No podía escapar de allí. Había una docena de conversaciones simultáneas que se solapaban, mezclándose en un único comentario. El nombre de America me rodeaba, estaba en boca de todos. En un momento, hacía que me hinchara de orgullo; sin embargo, al siguiente, me dominaba la rabia.

Si Maxon hubiera sido de verdad un hombre decente, America no se habría encontrado en aquella situación.

Solté otro hachazo sobre la madera, haciendo saltar astillas. Era agradable sentir el sol en el torso desnudo. Además, el acto de destruir algo me ayudaba a liberar la rabia. Rabia por Woodwork y Marlee, por May y por America. Rabia por mí mismo.

Coloqué otro trozo y solté un nuevo hachazo con un gruñido.

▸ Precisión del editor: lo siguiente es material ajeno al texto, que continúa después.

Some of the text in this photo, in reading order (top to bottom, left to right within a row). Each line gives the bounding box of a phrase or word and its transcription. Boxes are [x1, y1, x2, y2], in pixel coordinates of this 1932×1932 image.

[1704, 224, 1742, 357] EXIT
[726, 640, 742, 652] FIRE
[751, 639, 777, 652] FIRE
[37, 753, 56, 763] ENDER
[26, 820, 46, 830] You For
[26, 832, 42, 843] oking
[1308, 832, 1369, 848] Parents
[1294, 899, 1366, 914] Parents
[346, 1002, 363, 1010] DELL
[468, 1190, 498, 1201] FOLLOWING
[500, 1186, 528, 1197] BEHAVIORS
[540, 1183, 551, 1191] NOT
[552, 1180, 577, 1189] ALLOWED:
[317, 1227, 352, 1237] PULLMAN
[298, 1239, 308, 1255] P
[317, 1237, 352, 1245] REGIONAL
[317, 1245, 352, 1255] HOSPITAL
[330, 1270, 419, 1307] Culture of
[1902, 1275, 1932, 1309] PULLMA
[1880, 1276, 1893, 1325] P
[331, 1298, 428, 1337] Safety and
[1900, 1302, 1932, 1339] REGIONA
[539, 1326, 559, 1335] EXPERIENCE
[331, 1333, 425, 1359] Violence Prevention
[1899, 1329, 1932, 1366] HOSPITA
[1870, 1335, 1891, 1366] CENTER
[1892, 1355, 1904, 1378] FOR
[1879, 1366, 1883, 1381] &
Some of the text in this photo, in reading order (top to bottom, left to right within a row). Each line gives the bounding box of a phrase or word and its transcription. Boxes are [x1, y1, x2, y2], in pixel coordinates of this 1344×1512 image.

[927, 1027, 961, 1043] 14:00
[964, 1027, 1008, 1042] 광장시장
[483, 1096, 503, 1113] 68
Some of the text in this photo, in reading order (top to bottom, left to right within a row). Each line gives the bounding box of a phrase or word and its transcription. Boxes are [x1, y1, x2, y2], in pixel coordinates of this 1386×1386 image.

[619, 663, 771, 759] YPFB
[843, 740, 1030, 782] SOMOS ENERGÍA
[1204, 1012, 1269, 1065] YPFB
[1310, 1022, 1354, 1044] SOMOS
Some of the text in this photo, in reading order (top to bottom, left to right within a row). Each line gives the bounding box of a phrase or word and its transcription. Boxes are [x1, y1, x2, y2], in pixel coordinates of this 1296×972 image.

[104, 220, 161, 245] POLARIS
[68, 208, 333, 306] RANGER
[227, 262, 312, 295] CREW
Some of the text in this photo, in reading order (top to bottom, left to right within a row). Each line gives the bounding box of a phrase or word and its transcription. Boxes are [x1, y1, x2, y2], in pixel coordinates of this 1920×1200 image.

—¿Haciendo leña o intentando espantar a los pájaros del nido? —dijo una voz.

Me giré y vi a un hombre mayor a unos metros, tirando de una yegua por las riendas y que vestía con un mono que le identificaba como trabajador externo del palacio. Tenía el rostro arrugado, pero no por ello dejaba de sonreír. Tuve la sensación de que le había visto antes, pero no recordaba dónde.

—Lo siento. ¿He asustado a la yegua?

—No, qué va —dijo él, acercándose—. Pero da la impresión de que estás de mal humor.

—Bueno —respondí, levantando de nuevo el hacha—, hoy ha sido un día duro para todos.

Solté el hachazo y partí el tocón en dos.

—Sí, eso parece —dijo, acariciando a la yegua tras las orejas—. ¿Lo conocías?

Hice una pausa, no muy seguro de querer hablar.

—No mucho. Pero teníamos bastante en común. Me resulta difícil creer que haya pasado algo así, que lo haya perdido todo.

—Bueno, todo se queda en nada cuando quieres a alguien. Especialmente cuando eres joven.

Me quedé mirando a aquel hombre. Resultaba evidente que era un mozo de los establos. Tal vez me equivocara, pero apostaría a que era más joven de lo que aparentaba. Quizás hubiera pasado por algo que le hubiera marcado.

—Ahí lleva razón —concedí. ¿Acaso no estaba yo dispuesto a perderlo todo por Mer?

—Él volvería a correr el riesgo. Y ella también.

—Yo también —murmuré, mirando al suelo.

—¿Qué dices, hijo?

—Nada —respondí. Me cargué el hacha al hombro y agarré otro taco de madera, con la esperanza de que entendiera que no quería seguir hablando.

Pero él, en lugar de eso, se apoyó en el caballo.

—Es normal estar disgustado, pero eso no te llevará a ninguna parte. Tienes que pensar en qué puedes aprender de esto. Hasta ahora, parece que lo único que has aprendido es a asestar golpes a algo que no puede devolvértelos.

Solté un nuevo hachazo y me salió desviado.

—Mire, entiendo que quiere ayudarme, pero es que estoy trabajando.

—Eso no es trabajo. Es un montón de rabia mal dirigida.

—Bueno, ¿y hacia dónde se supone que tengo que dirigirla? ¿Hacia el cuello del rey? ¿Hacia el del príncipe Maxon? ¿O hacia el suyo? —Volví a dejar caer el hacha y esta vez acerté—. Porque no es justo. Ellos siempre se salen con la suya.

—¿Quiénes?

—Ellos. Los Unos. Los Doses.

—Tú eres un Dos.

Dejé caer el hacha.

—¡Yo soy un Seis! —grité golpeándome el pecho—. Bajo cualquier uniforme que me quieran poner, seguiré siendo un chaval de Carolina, eso no va a cambiar.

Él meneó la cabeza, tiró de la brida de la yegua y se dispuso a marcharse.

—Me parece que necesitas una chica.

—Ya tengo una chica —le repliqué mientras se iba.

—Pues ábrete a ella. Estás soltando golpetazos para nada.